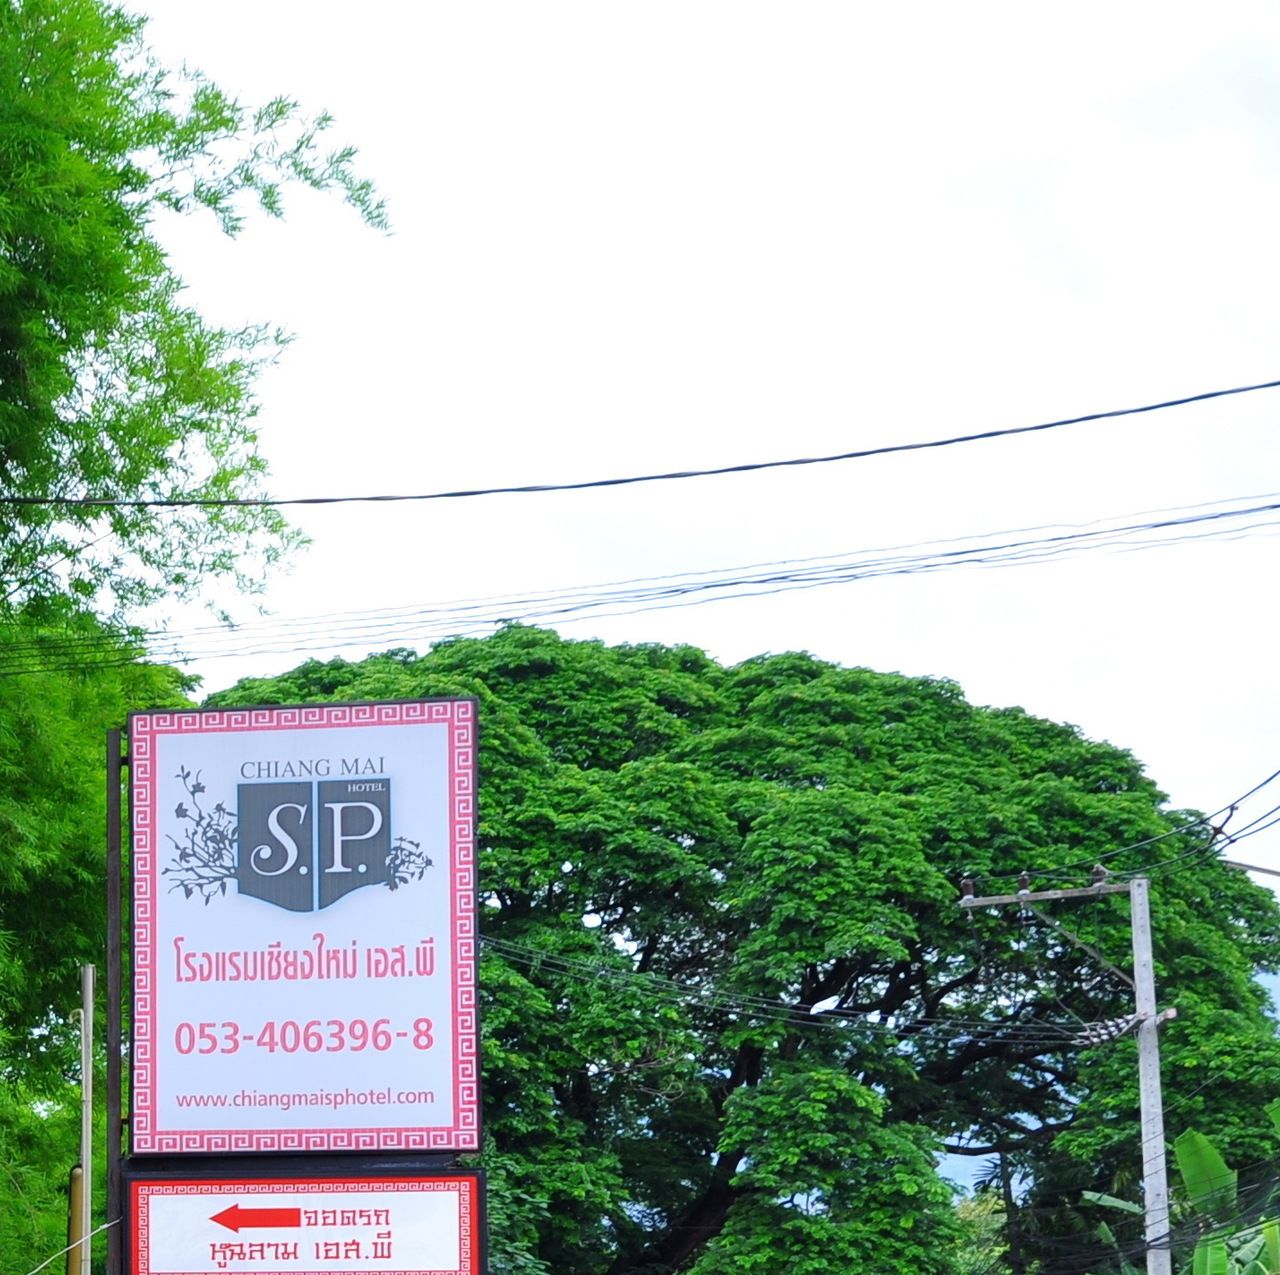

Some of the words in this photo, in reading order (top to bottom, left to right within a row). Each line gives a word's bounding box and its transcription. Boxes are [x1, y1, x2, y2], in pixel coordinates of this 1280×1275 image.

[240, 758, 331, 779] CHIANG
[341, 756, 385, 775] MAI
[347, 783, 386, 793] HOTEL
[173, 932, 357, 983] โรงแรมเชียงใหม่
[366, 937, 435, 978] เอส.พี
[174, 1017, 435, 1055] 053-406396-8
[176, 1088, 435, 1111] www.chiangmaisphotel.com
[303, 1208, 391, 1227] จอดรถ
[315, 1230, 392, 1260] เอส.พี

- Required action
In the copy, include no pictures; restate the listing above exactly.

- Solution for this exercise
Some of the words in this photo, in reading order (top to bottom, left to right within a row). Each line gives a word's bounding box and its transcription. Boxes are [x1, y1, x2, y2], in pixel coordinates of this 1280×1275 image.

[240, 758, 331, 779] CHIANG
[341, 756, 385, 775] MAI
[347, 783, 386, 793] HOTEL
[173, 932, 357, 983] โรงแรมเชียงใหม่
[366, 937, 435, 978] เอส.พี
[174, 1017, 435, 1055] 053-406396-8
[176, 1088, 435, 1111] www.chiangmaisphotel.com
[303, 1208, 391, 1227] จอดรถ
[315, 1230, 392, 1260] เอส.พี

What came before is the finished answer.